— WHAT YOU SHOULD DO —
Copy out every record below exactly as written, but leave out any pictures.

Saved data entries:
+ + +
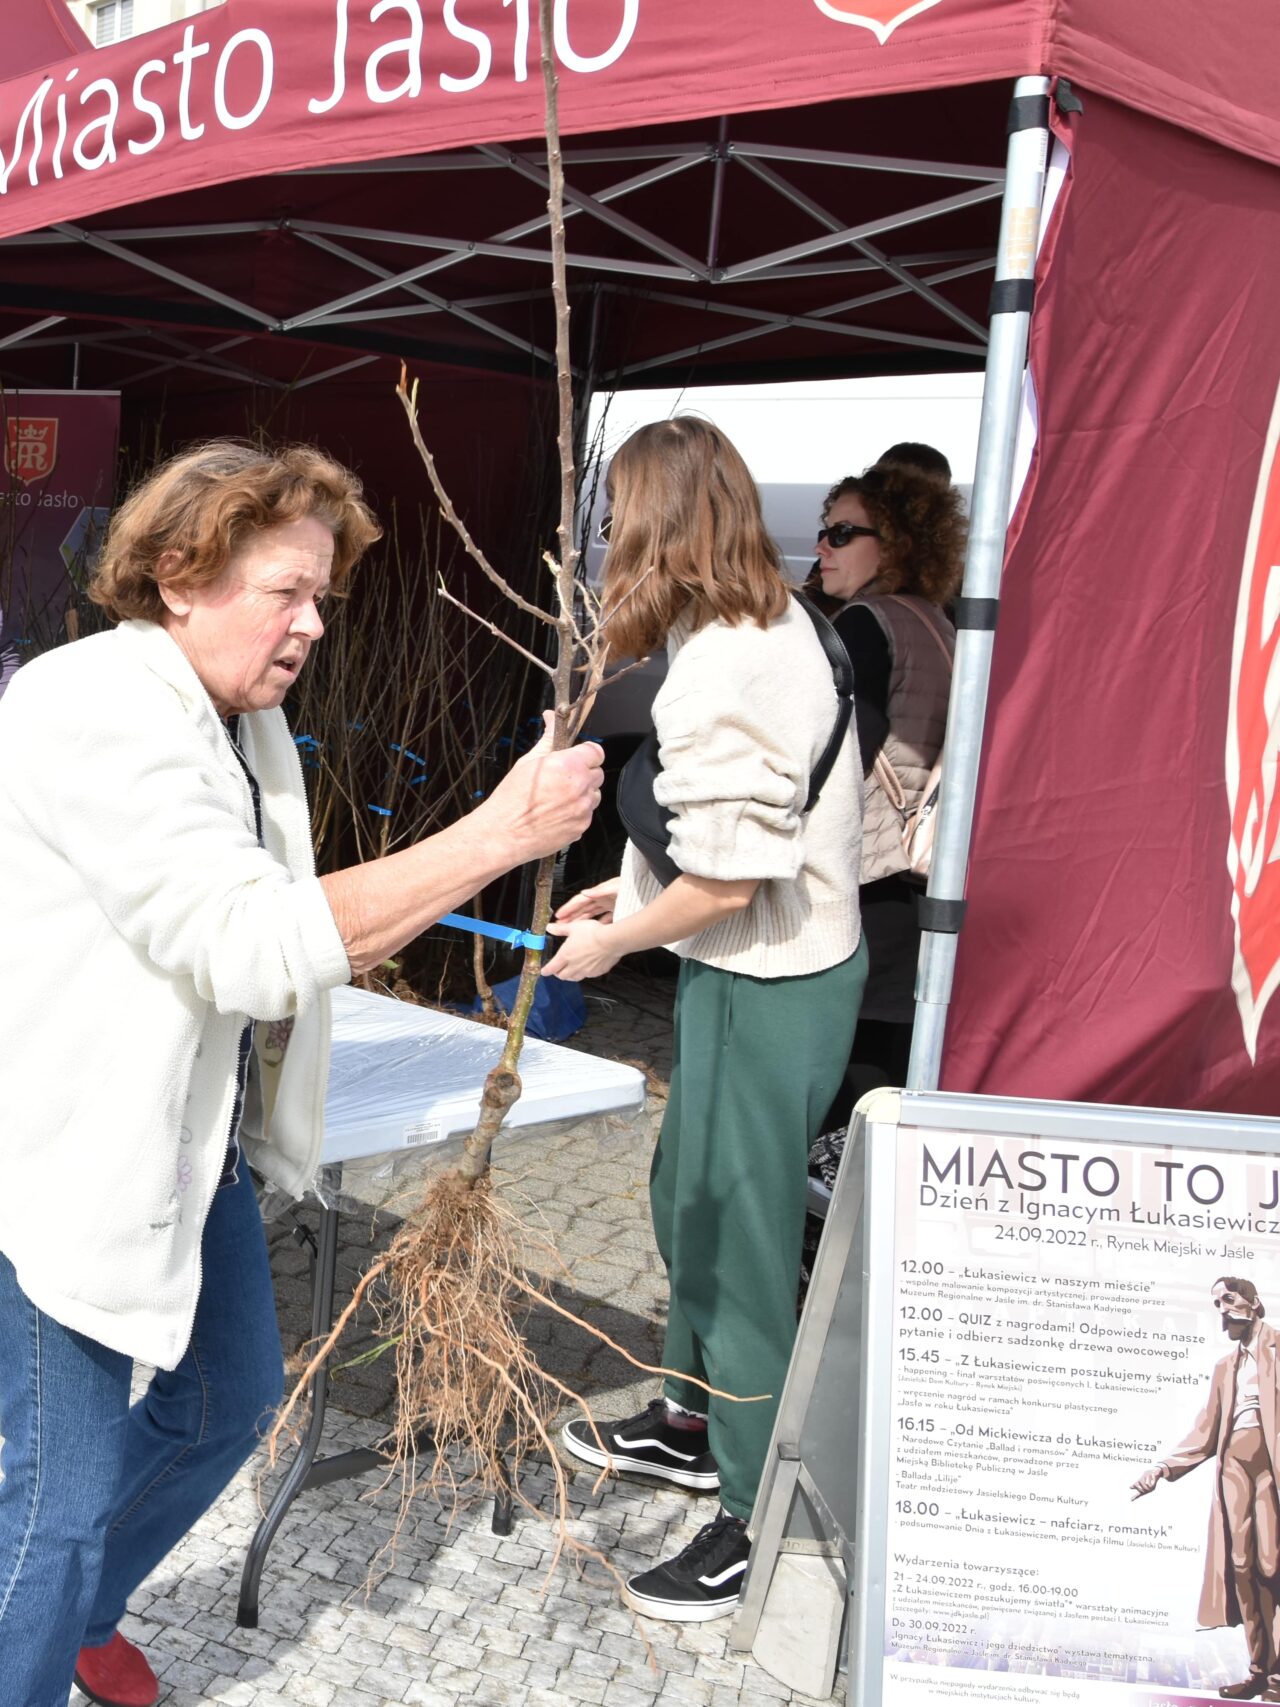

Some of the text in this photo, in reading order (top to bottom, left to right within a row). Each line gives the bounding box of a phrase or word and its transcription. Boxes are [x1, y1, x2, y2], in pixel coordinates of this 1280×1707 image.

[922, 1143, 1119, 1196] MIASTO
[1154, 1160, 1224, 1205] TO
[919, 1183, 988, 1211] Dzień
[998, 1199, 1009, 1213] z
[1019, 1192, 1120, 1223] Ignacym
[994, 1223, 1086, 1246] 24.09.2022
[1106, 1234, 1149, 1252] Rynek
[1153, 1239, 1201, 1257] Miejski
[1204, 1247, 1216, 1256] w
[1219, 1243, 1254, 1260] Jaśle
[900, 1259, 944, 1275] 12.00
[1054, 1277, 1100, 1290] naszym
[899, 1305, 943, 1322] 12.00
[958, 1312, 991, 1326] QUIZ
[1006, 1319, 1075, 1332] nagrodami!
[1078, 1322, 1148, 1339] Odpowiedz
[1170, 1333, 1205, 1344] nasze
[899, 1326, 944, 1338] pytanie
[956, 1329, 1003, 1344] odbierz
[1007, 1334, 1065, 1352] sadzonkę
[1068, 1338, 1113, 1353] drzewa
[1116, 1346, 1189, 1361] owocowego!
[898, 1347, 940, 1363] 15.45
[973, 1355, 1066, 1374] Łukasiewiczem
[1070, 1366, 1152, 1383] poszukujemy
[897, 1416, 935, 1432] 16.15
[978, 1425, 1052, 1443] Mickiewicza
[1055, 1432, 1072, 1444] do
[895, 1499, 939, 1516] 18.00
[1050, 1516, 1103, 1532] nafciarz,
[893, 1552, 1039, 1578] Wydarzenia towarzyszące:
[892, 1570, 904, 1581] 21
[915, 1572, 974, 1588] 24.09.2022
[988, 1582, 1015, 1592] godz.
[1018, 1583, 1078, 1598] 16.00-19.00
[891, 1616, 906, 1628] Do
[908, 1618, 967, 1634] 30.09.2022
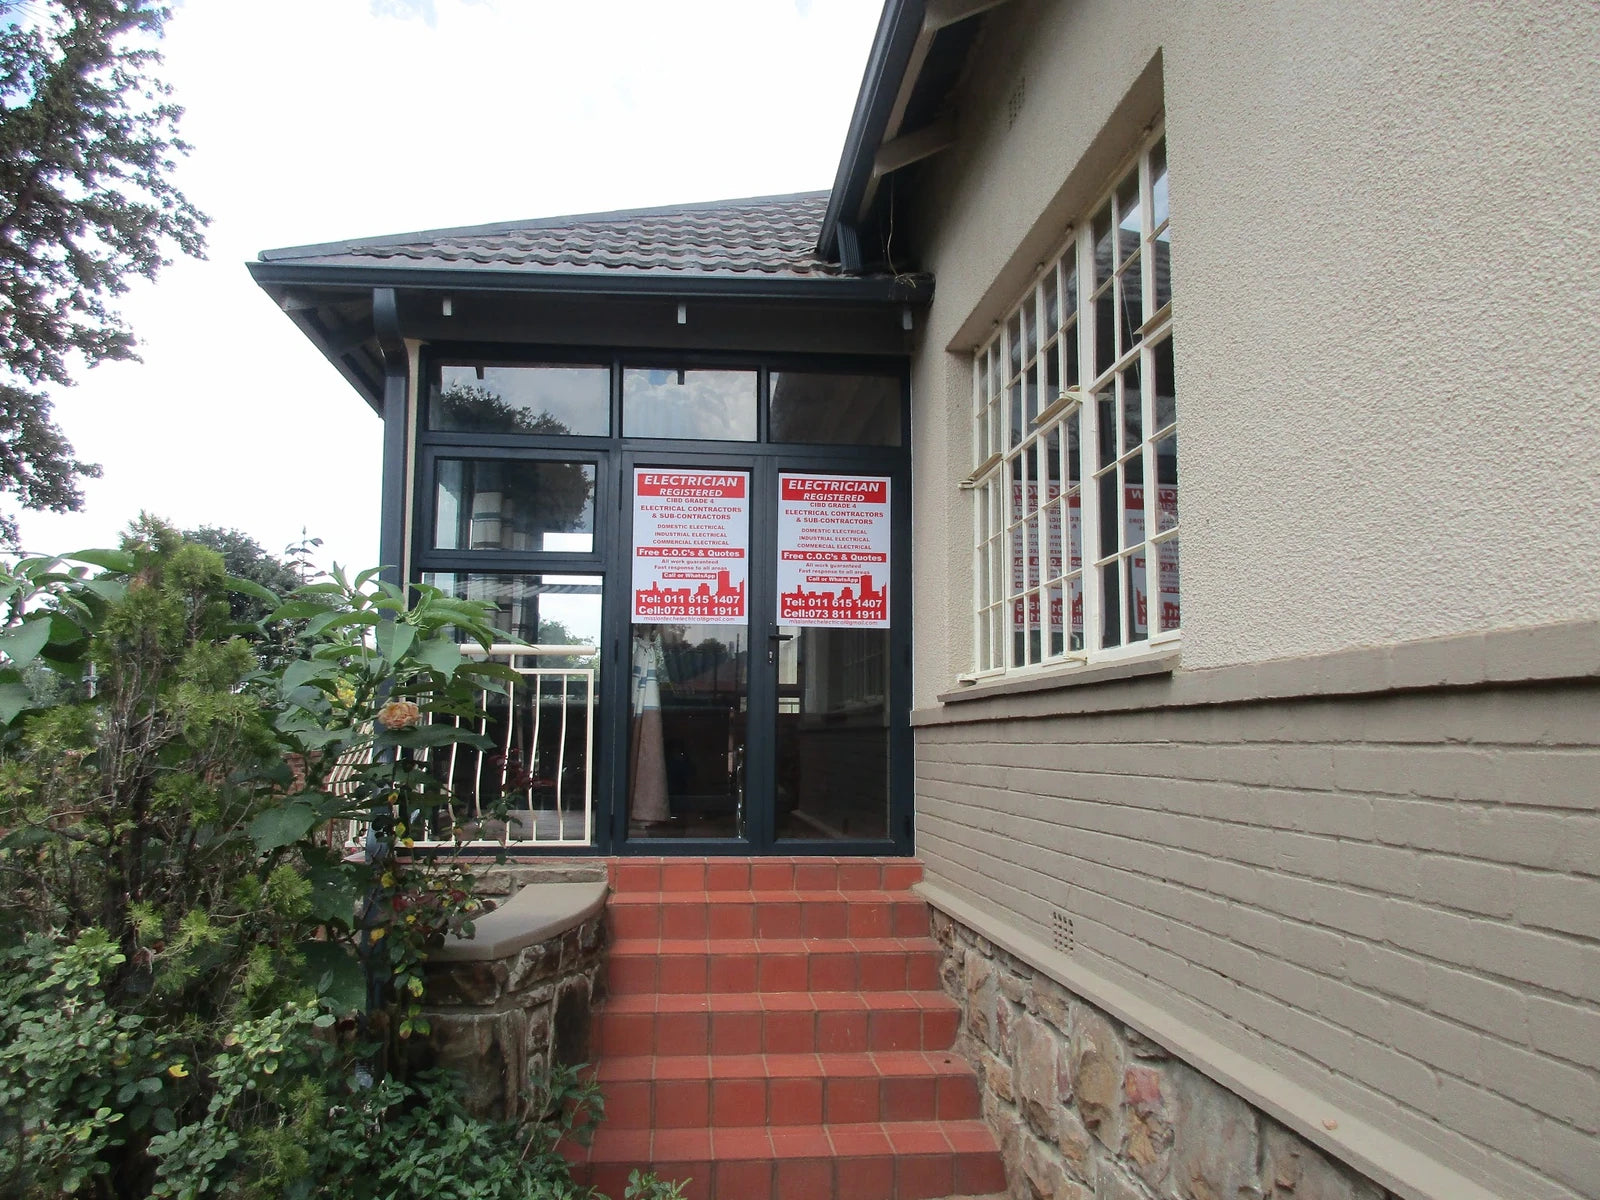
+ + +
— YOUR SOLUTION —
Some of the text in this photo, in reading order (top to bottom, left to right within a row). Each line gives the bounding box of a phrase or word and its transcription. Boxes are [x1, y1, x2, y2], in pixel coordinates of this 1280×1707 image.

[922, 1143, 1119, 1196] MIASTO
[1154, 1160, 1224, 1205] TO
[919, 1183, 988, 1211] Dzień
[998, 1199, 1009, 1213] z
[1019, 1192, 1120, 1223] Ignacym
[994, 1223, 1086, 1246] 24.09.2022
[1106, 1234, 1149, 1252] Rynek
[1153, 1239, 1201, 1257] Miejski
[1204, 1247, 1216, 1256] w
[1219, 1243, 1254, 1260] Jaśle
[900, 1259, 944, 1275] 12.00
[1054, 1277, 1100, 1290] naszym
[899, 1305, 943, 1322] 12.00
[958, 1312, 991, 1326] QUIZ
[1006, 1319, 1075, 1332] nagrodami!
[1078, 1322, 1148, 1339] Odpowiedz
[1170, 1333, 1205, 1344] nasze
[899, 1326, 944, 1338] pytanie
[956, 1329, 1003, 1344] odbierz
[1007, 1334, 1065, 1352] sadzonkę
[1068, 1338, 1113, 1353] drzewa
[1116, 1346, 1189, 1361] owocowego!
[898, 1347, 940, 1363] 15.45
[973, 1355, 1066, 1374] Łukasiewiczem
[1070, 1366, 1152, 1383] poszukujemy
[897, 1416, 935, 1432] 16.15
[978, 1425, 1052, 1443] Mickiewicza
[1055, 1432, 1072, 1444] do
[895, 1499, 939, 1516] 18.00
[1050, 1516, 1103, 1532] nafciarz,
[893, 1552, 1039, 1578] Wydarzenia towarzyszące:
[892, 1570, 904, 1581] 21
[915, 1572, 974, 1588] 24.09.2022
[988, 1582, 1015, 1592] godz.
[1018, 1583, 1078, 1598] 16.00-19.00
[891, 1616, 906, 1628] Do
[908, 1618, 967, 1634] 30.09.2022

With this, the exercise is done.